Resist ! L’art et la manière de protester

Cette année marque le cinquantième anniversaire de la vague protestataire qui a touché le monde en 1968. À cette occasion, Bozar nous invite à traverser les révoltes et révolutions du 20ème siècle à travers le regard de photographes : tout un programme ! L’exposition Resist ! The 1960’s protests, photography and visual legacy jusqu’au 28 août. vous emmène depuis les grandes marches de Selma en 1965 au Palais des Beaux-Arts occupé en 1968 en passant par la République Tchèque.
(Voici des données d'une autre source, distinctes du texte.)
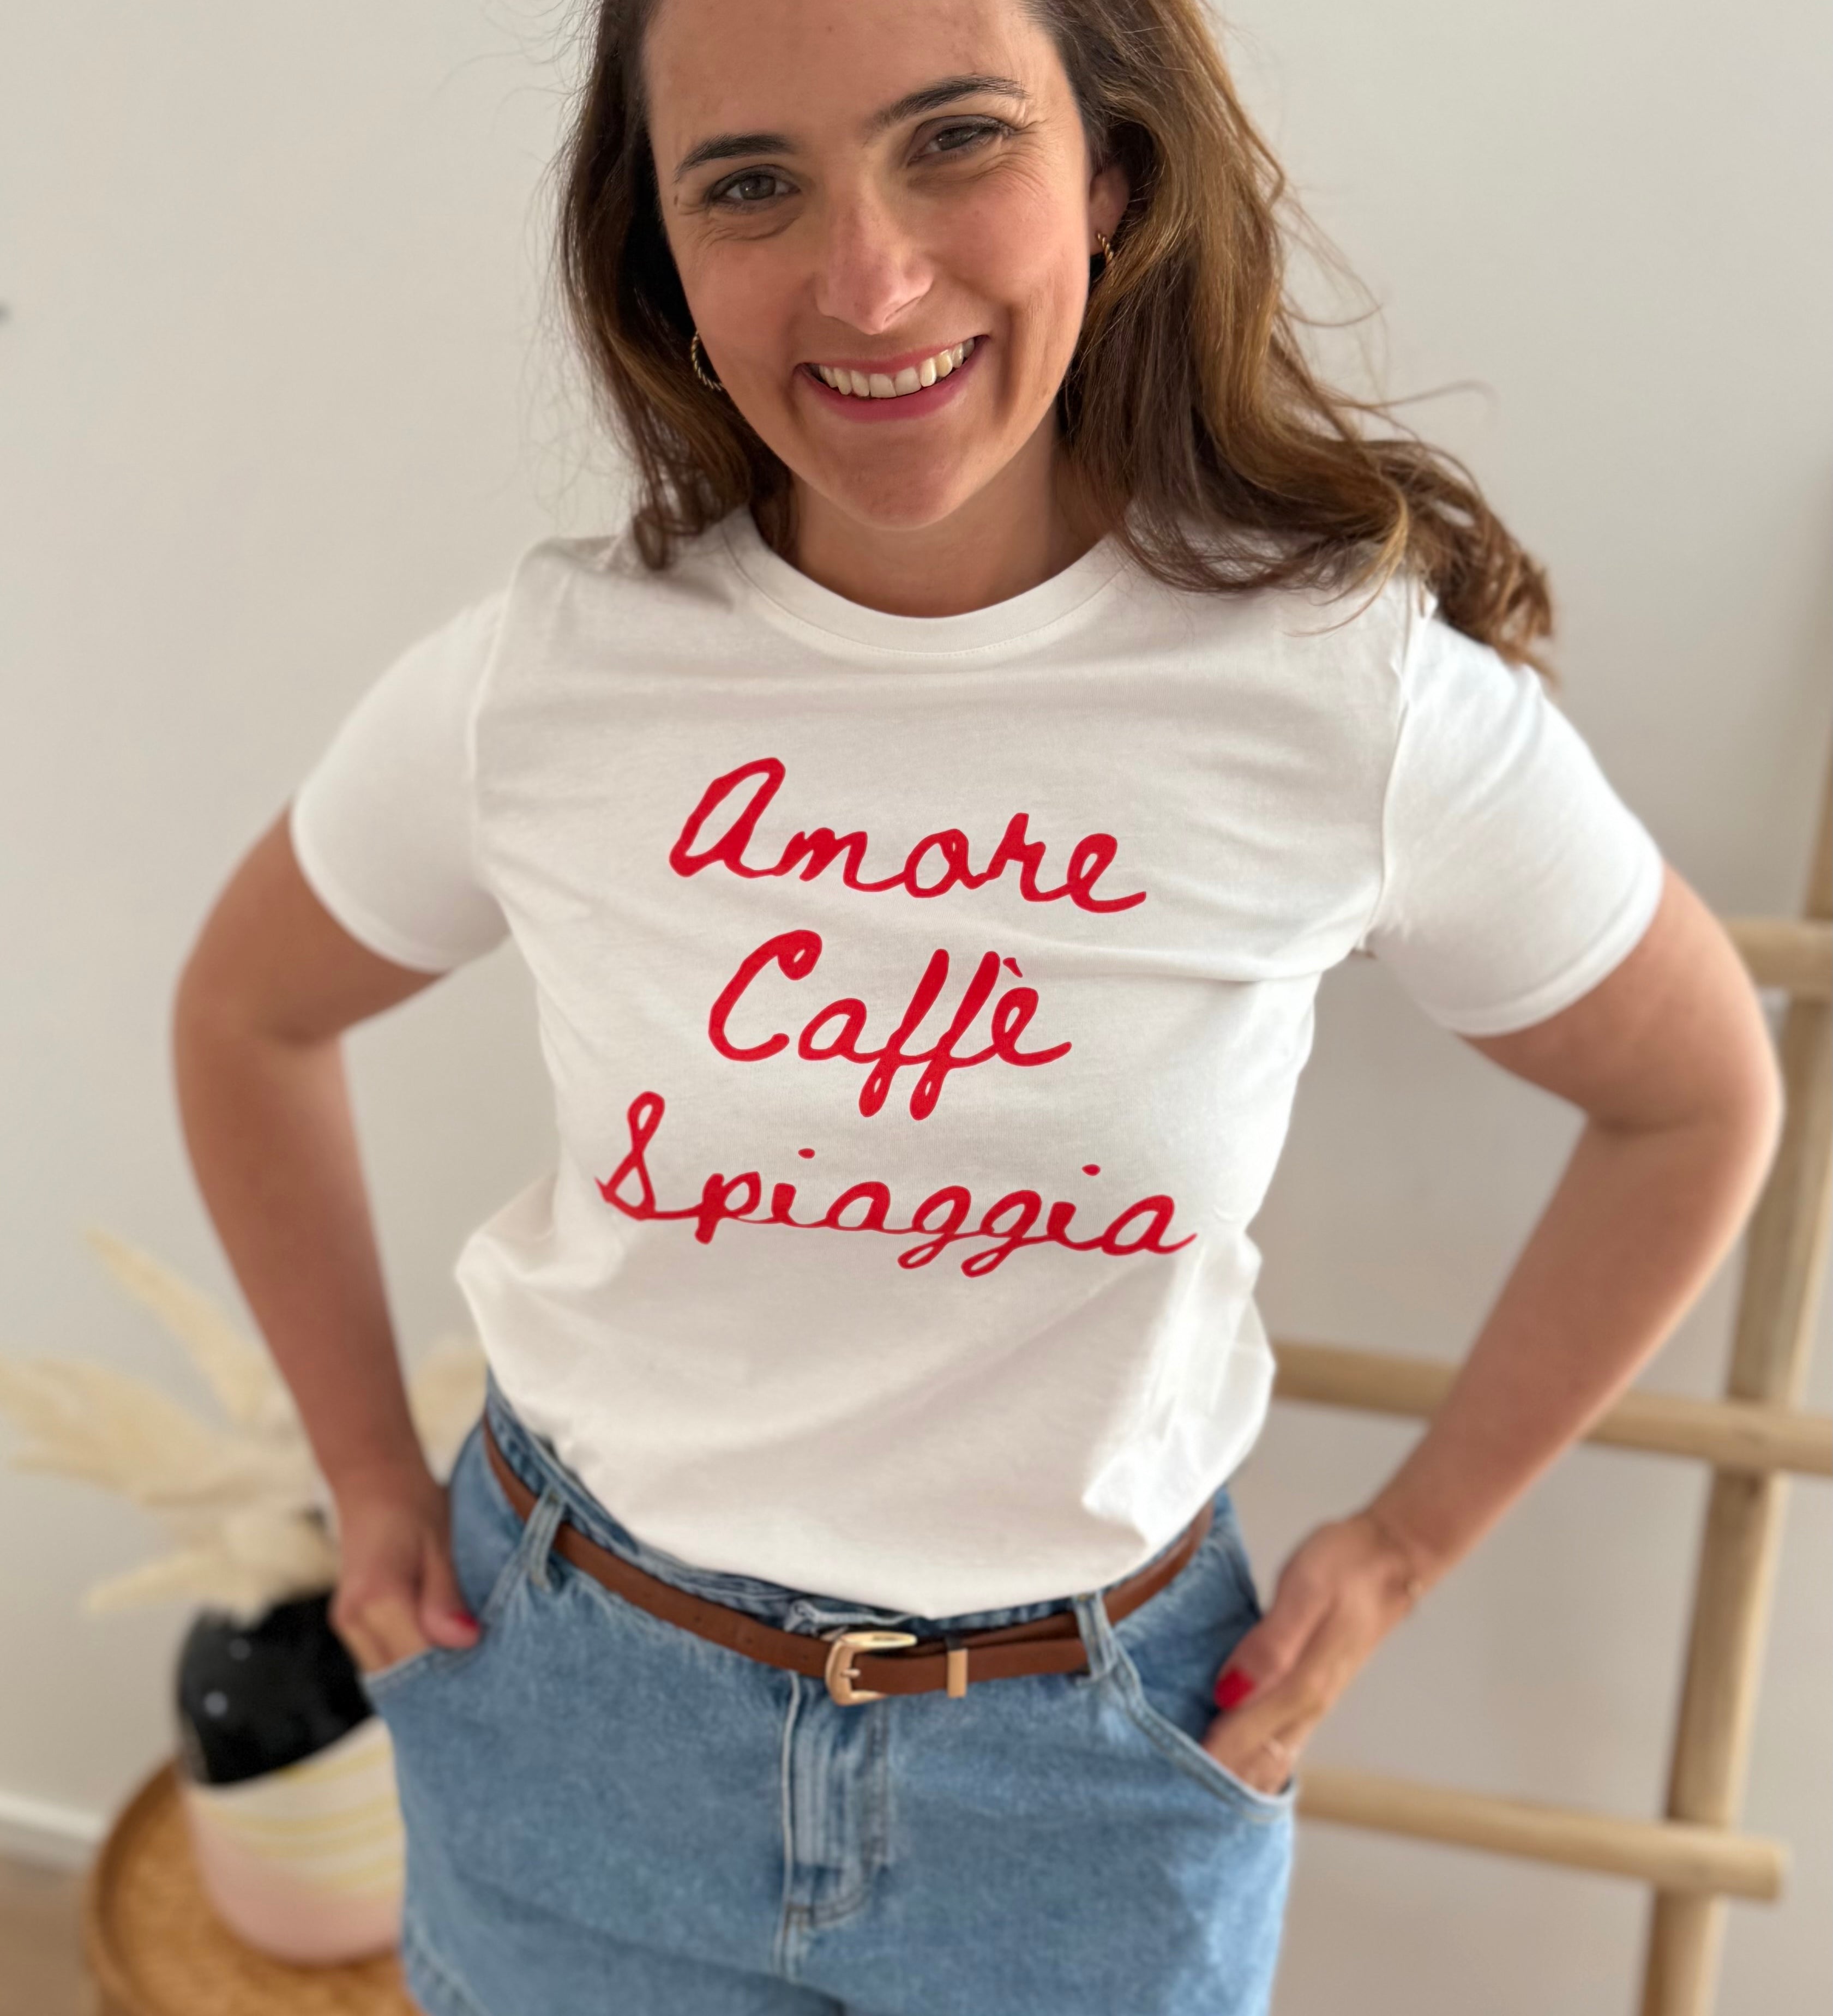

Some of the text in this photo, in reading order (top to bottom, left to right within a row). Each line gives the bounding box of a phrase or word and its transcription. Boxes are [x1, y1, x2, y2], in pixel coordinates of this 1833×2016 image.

[669, 757, 1146, 913] Amore
[708, 929, 1072, 1121] Caffè
[595, 1091, 1197, 1278] Spiaggia
Les photographes, en figeant sans le savoir des moments-clés de notre histoire, nous interrogent non seulement sur nous-mêmes mais également sur ce qui fonde l’art.

 

Une exposition en deux parties

Les premières salles de l’exposition vous invitent à vous plonger dans les révoltes qui ont secoué non seulement le continent américain mais également une grande parte de l’Europe au cours des années soixante.

Le visiteur est ainsi amené à contempler les portraits de personnages qui sont entrés dans l’histoire par leurs actions : Rosa Parks, Martin Luther King et bien d’autres encore. Les photographies, en captant l’éphémère et l’exceptionnel, vous livrent des images poétiques, des tableaux aux compositions harmonieuses. L’Europe a aussi connu ses grands bouleversements : l’Irlande avec ses conflits les plus sanglants au cours du 20ème siècle et à nouveau, vous aurez alors l’occasion d’être le témoin de ces moments à travers divers clichés.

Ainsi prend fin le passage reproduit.